Totem 协议（ SRP/RRP ）讲解

Totem协议（SRP/RRP）讲解 By 仇恕(Chinainvent) 2011.09

基本概念 • SRP: The Totem Single-Ring Ordering and Membership Protocol • 基于以太网的组通信协议，节点间组成单环结构 • 所有数据都采用UDP广播(message)、单播(token) • 消息的可靠性和有序性，基于token-passing实现 • 每个节点都接收到同样的消息序列，故可容忍消息丢失、节点崩溃 • RRP: The Totem Redundant Ring Protocol • 基于SRP，RRP嵌入于SRP的网络层（相当于修改了SRP的recv/send函数） • 通过使用冗余网络把多个节点连接起来，可容忍网络的损坏

术语解释 • Processor： • 节点，组通信成员，它需要实现SRP/RRP协议，并对外提供组通信接口，例如corosync，它提供组通信服务（叫CPG）。 • Application： • 程序，使用组通信服务的应用程序，它调用Processor提供的组通信接口。例如sheepdog就是调用corosync提供的CPG接口。

术语解释 A2 Pn: Processor An: Application A1 A3 A4

基本概念 • Broadcast： • One Processor => all Processors • Transmit/Forward token： • One Processor => next Processor • Delivery： • One Processor => associated Application

基本概念 • Causal Order： • 消息的传播是可靠的，即每一个结点都能收到该消息 • 所有消息都有先后次序，不存在并发的情况 • Processor将消息传送给Application时，严格按照消息的先后次序传送 • Agreed Order： • 满足Causal Order • Processor在传送某个消息给Application时，必须确保该消息之前的所有消息都已经传送完毕，确保消息不会丢失 • Safe Order： • 满足Agreed Order • Processor在传送某个消息给Application时，必须确保该消息之前的所有消息都已经被所有Processor接收

SRP细分为三个子协议 • The Totem Ordering Protocol（OP）： • 确保消息从Single-Ring中传播，到最终传递给Application时，满足Agreed Order或Safe Order。 • The Membership Protocol（MP）： • 当有新的Processor加入或旧的Processor离开时，自动形成新的Single-Ring。 • The Recovery Protocol（RP）： • 从Old Ring过渡到New Ring的过程中，恢复属于（残缺的）Old Ring的消息（使它们满足Agreed或Safe Order）。

SRP的四个状态

子协议与状态的关系 • The Totem Ordering Protocol（OP）： • 工作在Operational状态 • The Membership Protocol（MP）： • 工作在Gather、Commit状态 • The Recovery Protocol（RP）： • 工作在Recovery状态

The Total Ordering Protocol • The Totem Ordering Protocol（OP）： • 工作在Operational状态 • 确保消息从Single-Ring中传播，到最终传递给Application时，满足Agreed Order或Safe Order。 • 由Application在发送消息时，指定采用Agreed还是Safe方式。 • 通过token，以“丢手绢”的方式，实现消息的有序传递。

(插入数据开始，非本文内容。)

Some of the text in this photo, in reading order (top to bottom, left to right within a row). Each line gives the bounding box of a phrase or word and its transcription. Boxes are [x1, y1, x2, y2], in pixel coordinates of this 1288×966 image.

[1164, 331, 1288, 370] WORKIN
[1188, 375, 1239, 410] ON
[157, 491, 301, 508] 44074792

消息传播示意图 • A1请求P1依次广播三个消息：M1, M2, M3，这些消息暂存在P1的请求队列中 • 假设P1已拿到token，P1向集群依次广播：M1,M2,M3 • P1广播的消息，也会保存在它自己的接收队列中 M3M2M1 M3M2M1 A1

消息传播示意图 • P2只收到两个消息M2M1, P3,P4完整的收到三个消息M3M2M1 • P1把Token传递给P2，Token中记录了P1接收队列中消息的max seq:3 • P2通过比较Token中的seq，发现自己没有接收到M3。 Recv: M2M1 Token seq:3 aru:3 aru_id:P1 rtr: M3M2M1 A1 Recv: M3M2M1 Recv: M3M2M1 Recv: M3M2M1

消息传播示意图 • P2把token传给P3，更新token的aru(all-received-up-to)为:2 • 在Token的重传请求列表(rtr)中记录了未收到的消息序号:3 • P3收到token后，向集群广播M3，清除token的rtr后，把token传给P4 Token seq:3 aru:2 aru_id:P2 rtr:3 Recv: M2M1 M3M2M1 A1 M3 Recv: M3M2M1 Recv: M3M2M1 Recv: M3M2M1

消息传播示意图 • P2收到P3广播的消息M3, 其它节点乎略消息M3 • P4收到P3传过来的token，没做任务事情，把token传给P1 Recv: M3M2M1 M3M2M1 A1 Recv: M3M2M1 Recv: M3M2M1 Token seq:3 aru:2 aru_id:P2 rtr: Recv: M3M2M1

消息传播示意图 • P1收到P4传过来的token，没做任务事情，把token传给P2 Recv: M3M2M1 M3M2M1 A1 Recv: M3M2M1 Recv: M3M2M1 Token seq:3 aru:2 aru_id:P2 rtr: Recv: M3M2M1

消息传播示意图 • P1收到P4传过来的token，没做任务事情，把token传给P2 • P2发现token中的aru_id是它自己，并且知道自己已经收到M3， • 所以它更新token中的aru为3，至此P2知道集群的所有节点都收到了M3M2M1 • P2把更新后的token传给P3 此时，若P2传递M3M2M1给程序，则满足Safe Order Token seq:3 aru:2 aru_id:P2 rtr: Recv: M3M2M1 M3M2M1 A1 Recv: M3M2M1 Recv: M3M2M1 Recv: M3M2M1

满足Agreed/Safe Order么？ • Agreed Order • 在token的上述传递过程中，拿到token的Processor，把已接收到的消息按次序传递给Application，则满足Agreed Order。 • Safe Order • 在token的上述传递过程中，如果连续两次转发的token的aru大于等于某个消息的序号，则把该消息传递给Application时满足Safe Order。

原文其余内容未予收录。